As Jeff told me, Zeljko started working on it at 
https://github.com/zeljkofilipin/mediawiki_ruby_api_client
Since the library is in a very early stage as of now, I decided to also 
take a stab at it yesterday and would present a slightly different, more 
Rubyish and OO-oriented, approach. You can find it here:
https://github.com/jgonera/mediawiki-api

It's just a quick prototype, still requires some cleanup. At the moment 
it is capable only of creating articles, just as Jeff's and Zeljko's 
prototypes. It, however, persists the login information so that you can 
create several pages without repeating the login process. It's only a 
simple example of a benefit of taking a more OO approach. Other benefits 
will be even more obvious if we continue developing it.

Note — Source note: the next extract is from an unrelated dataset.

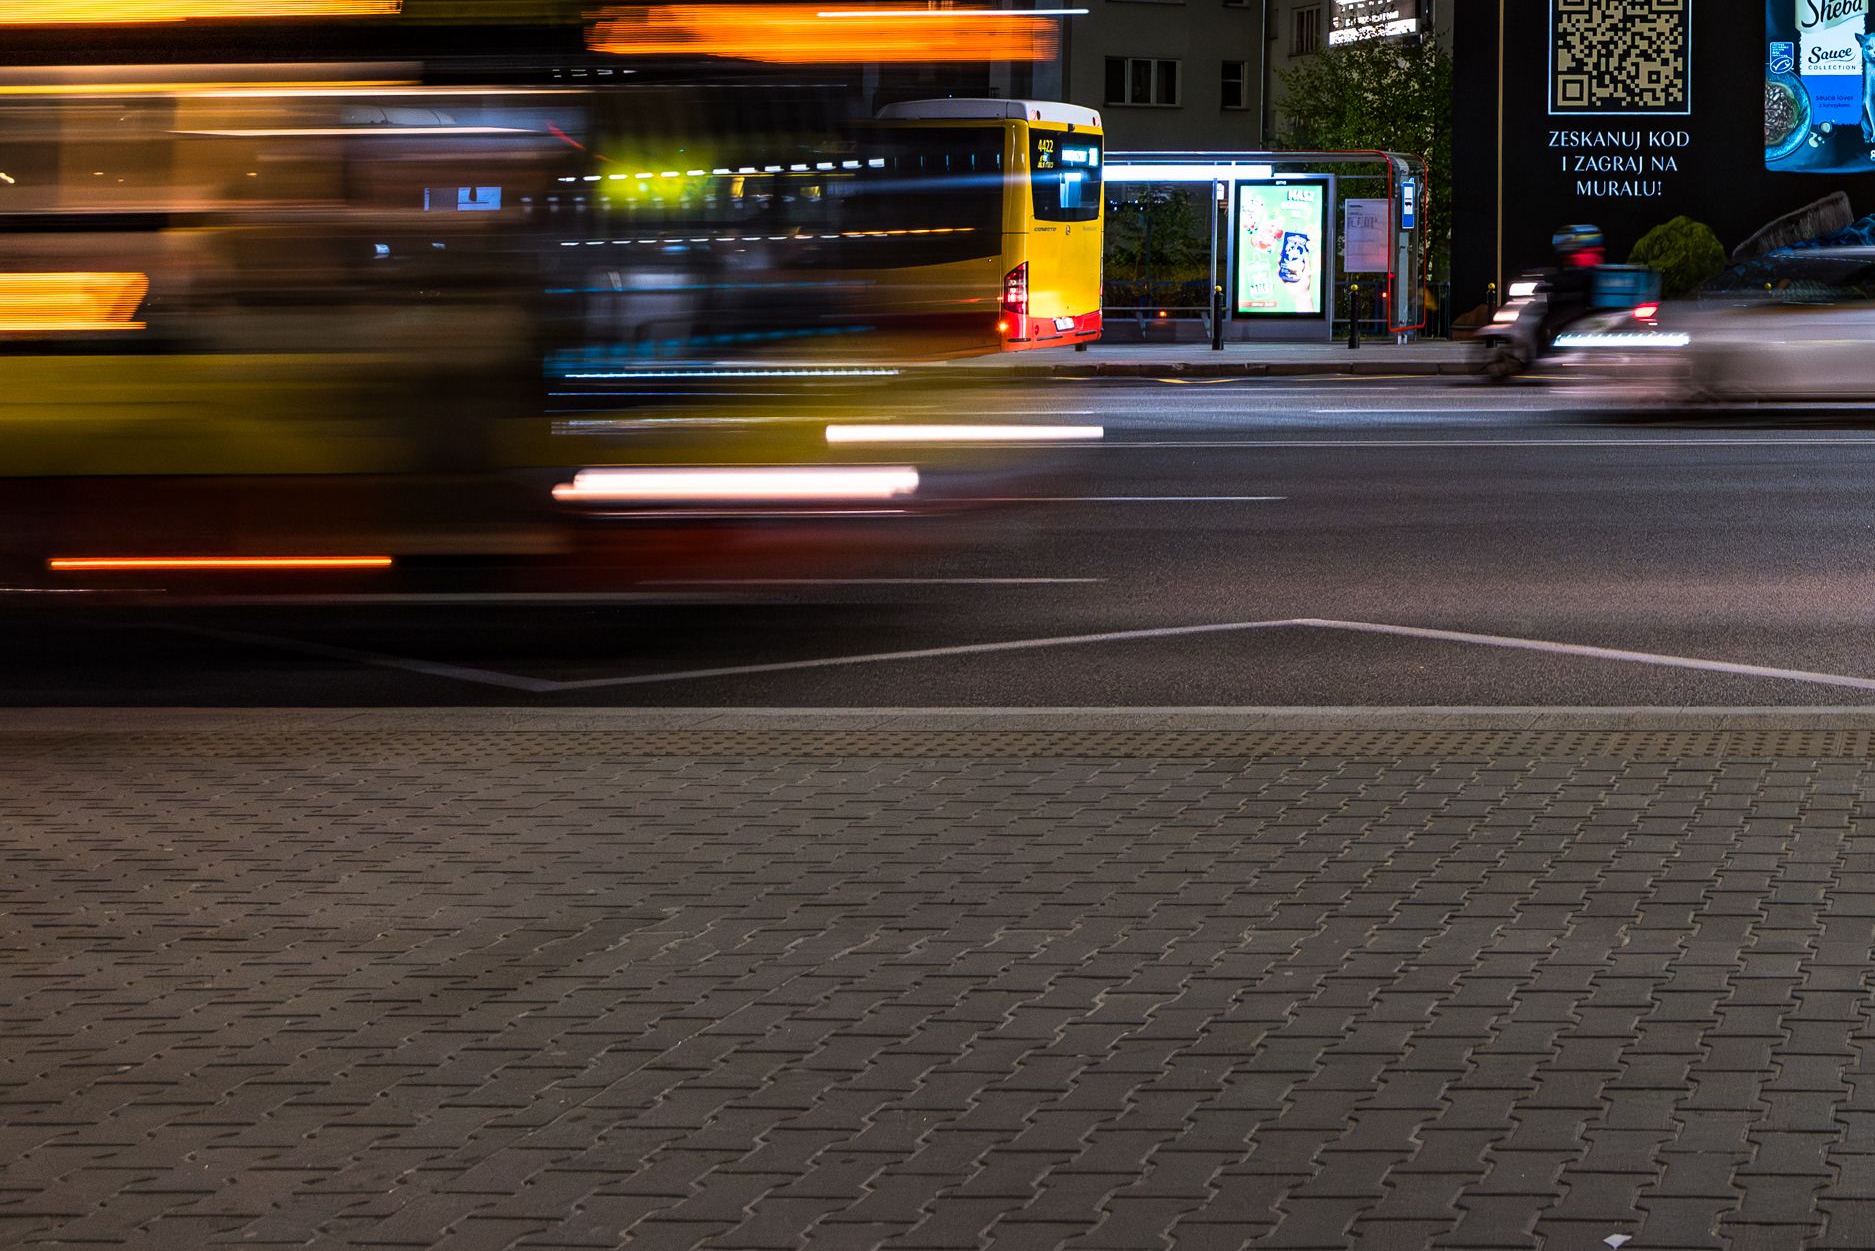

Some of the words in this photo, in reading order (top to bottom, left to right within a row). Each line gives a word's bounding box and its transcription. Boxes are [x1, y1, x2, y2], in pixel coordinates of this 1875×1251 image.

It also contains some unit tests in RSpec. Ideally, I would envision a 
gem like this to be something useful not only in our browser tests, but 
also for authors of bots and other tools. It would be great if people 
from outside of the foundation found it useful and could help in 
developing it.

Some other decisions in my prototype:

* Use Faraday (https://github.com/lostisland/faraday) instead of 
RestClient. It's also very popular and supports different backends. 
While this might not be useful for us now, we get it for free and 
someone might use a more concurrent EventMachine backend in future. 
Faraday also has a concept of middleware, which for example gives us 
cookie management for free too.

* Use WebMock (https://github.com/bblimke/webmock) for unit tests. 
Faraday has it's own stubbing mechanism, but it's much less powerful.

Let me know what you think. I'd really like us to work on this together.